These suggestions are based on my professional use in my aquarium maintenance business going back to 1978 and literally 1000s of aquariums.
A final note is I am only naming those I have had a good experience with, NOT the bad ones!
*Ebo Jager (Eheim); Excellent and very reliable heater. One of the best if not the best.
The only negatives are price and a poor return policy when the rare defective heater does occur that requires the owner to ship directly back to Eheim/Ebo Jager while the aquarium keeper is without a heater for several weeks.
There were some quality issues when manufacturing changed, but this has been corrected according my friends active in the aquarium maintenance industry.
*Via Aqua & SunSun; While not as well known in some parts of North America, this heater IS well known & popular in the Western USA.
This heater is among the best in reliability (the Ebo Jager is likely the only more reliable heater), yet is one of the more affordable with a more gracious return policy when a defective heater does occur.
Product Resource Link:
Via Aqua Submersible Quartz Aquarium Heaters
*Hagen Fluval Tronic Submersible Heater: While I am not a fan of Hagen (in part due to their business practices), I have to admit this heater is darn good.
It is a reliable heater, albeit a little pricey compared to the Via Aqua, but just as reliable and quite accurate.
Generally most manufacturers of quartz/glass and titanium submersible heaters will state in their directions that the heater should be mounted in the aquarium vertically for the reason to keep water from compromising the seal at the top, this is really only a corporate liability statement as most well made glass submersible heaters such as the Via Aqua Glass/Quartz Heaters will be perfectly fine angled to fit in short aquariums or outdoor patio ponds.
I have mounted many submersible heaters for years in a sideways/horizontal mount without a compromise in the seal. This does NOT count for HOB economy automatic heaters which MUST be mounted on the back of the tank vertically.
However I do recommend a vertical aquarium mount whenever possible.

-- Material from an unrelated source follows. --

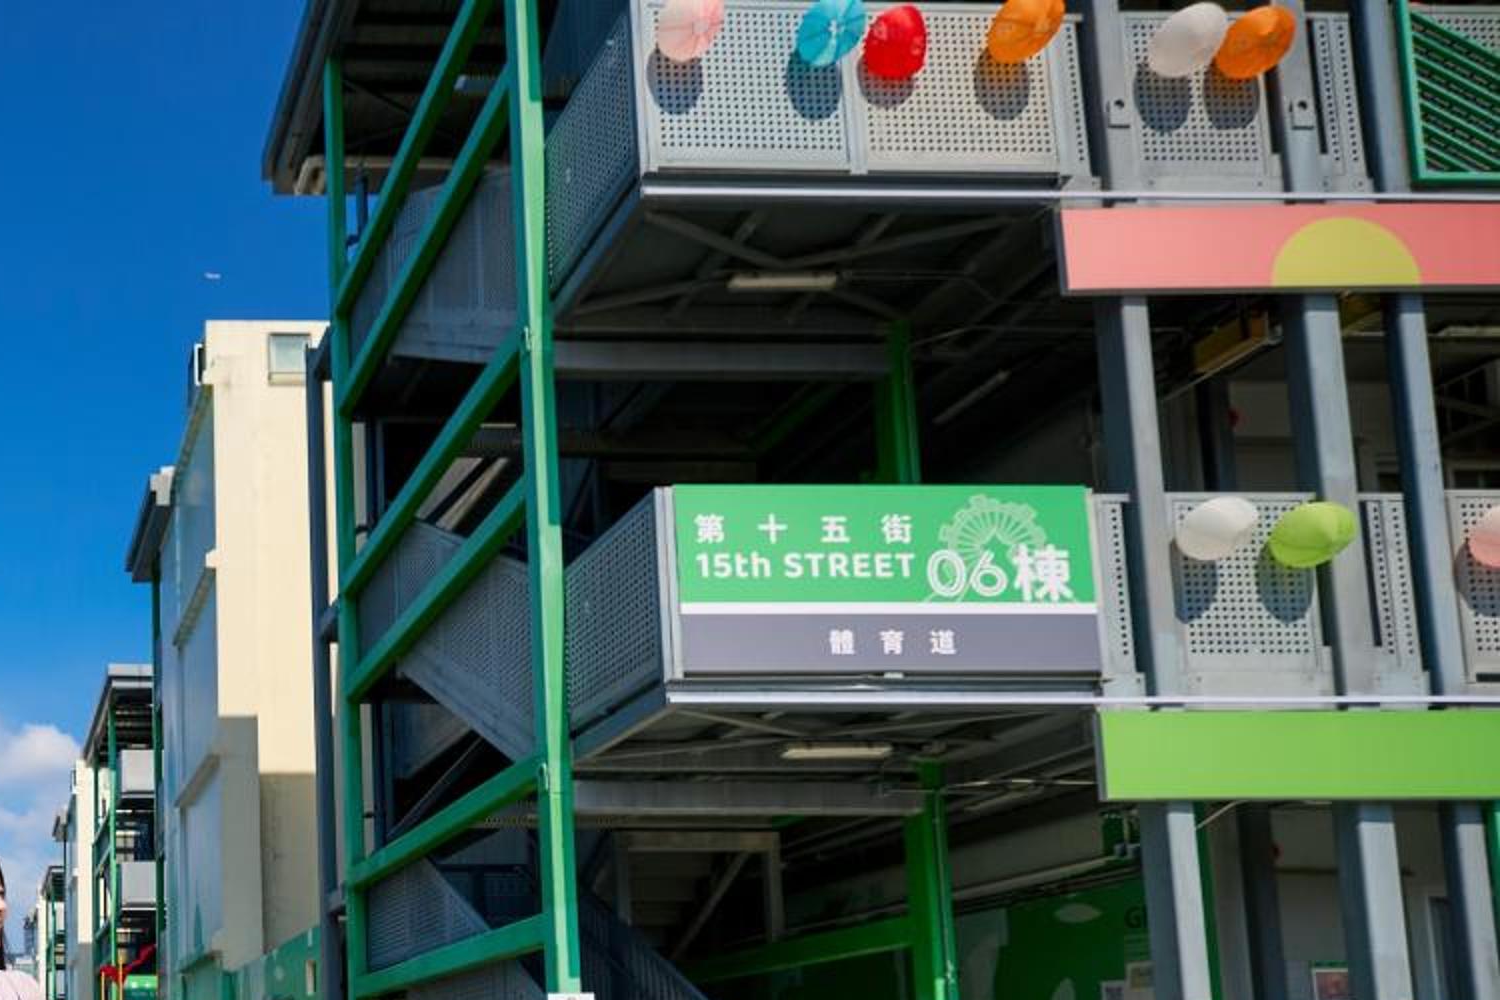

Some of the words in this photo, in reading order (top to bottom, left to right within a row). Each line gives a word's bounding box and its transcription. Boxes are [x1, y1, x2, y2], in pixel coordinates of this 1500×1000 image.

This is more of a sub-type of the glass submersible heater, however the manufactures of the these Digital Aquarium Heaters throw in more extensive digital control circuitry.
A few of the advantages over most glass submersible analog heaters (of which the vast majority of submersible aquarium heaters fall into this category) include:
*Run Dry Safety Shut-Off
*Double insulated heating element
*More accurate temperature control (variances under +- 1.0 F).
*Easy to read display the also displays aquarium temperature (via probe attached to this heater)
*HOWEVER from our use (& our "sister" aquarium maintenance companies), these heaters circuitry (such as the AquaTop) have failed at a much higher rate than the 3% or less that is considered "Good" for electronics.
So my current advice is to AVOID these heaters.
RESIN/PLASTIC COVERED HEATER
A Sub type of the Glass Submersible Pre-Set Heater the plastic resin covered aquarium heater. The Rena “Smart” Heater is a good example of this heater type. It has a low temperature variance with an LED warning alert system that flashes when water is +/- 5º F from set point. As well the SmartHeater works in any position, horizontal or vertical.
Another is the Stealth (by Marineland). This unique submersible glass heater has a hard plastic “Shell” which protects the heater from breakage.
However, please note that my experience with the Marineland Stealth Heaters indicate that they should also not be used in confined spaces or low water volume applications. I have also noticed (in part from feedback from others in the professional aquarium maintenance business) that the Marineland Stealth heater is not as accurate or as durable (generally in low flow applications) as the higher end Via Aqua Titanium Heater or the very high end Pro-Heat II Titanium IC Heaters.
My experience with the other Marineland submersible heater; the “Visitherm” has been worse with LOW accuracy/durability in varied conditions, at least the Stealth is accurate and reasonably reliable in higher flow aquarium placement applications.
TITANIUM/ STAINLESS STEEL/ REMOTE SENSOR HEATERS
Titanium and Remote Sensor Heaters such as the Via Aqua Titanium heater, both the earlier generation anaolog and next generation digital Titanium.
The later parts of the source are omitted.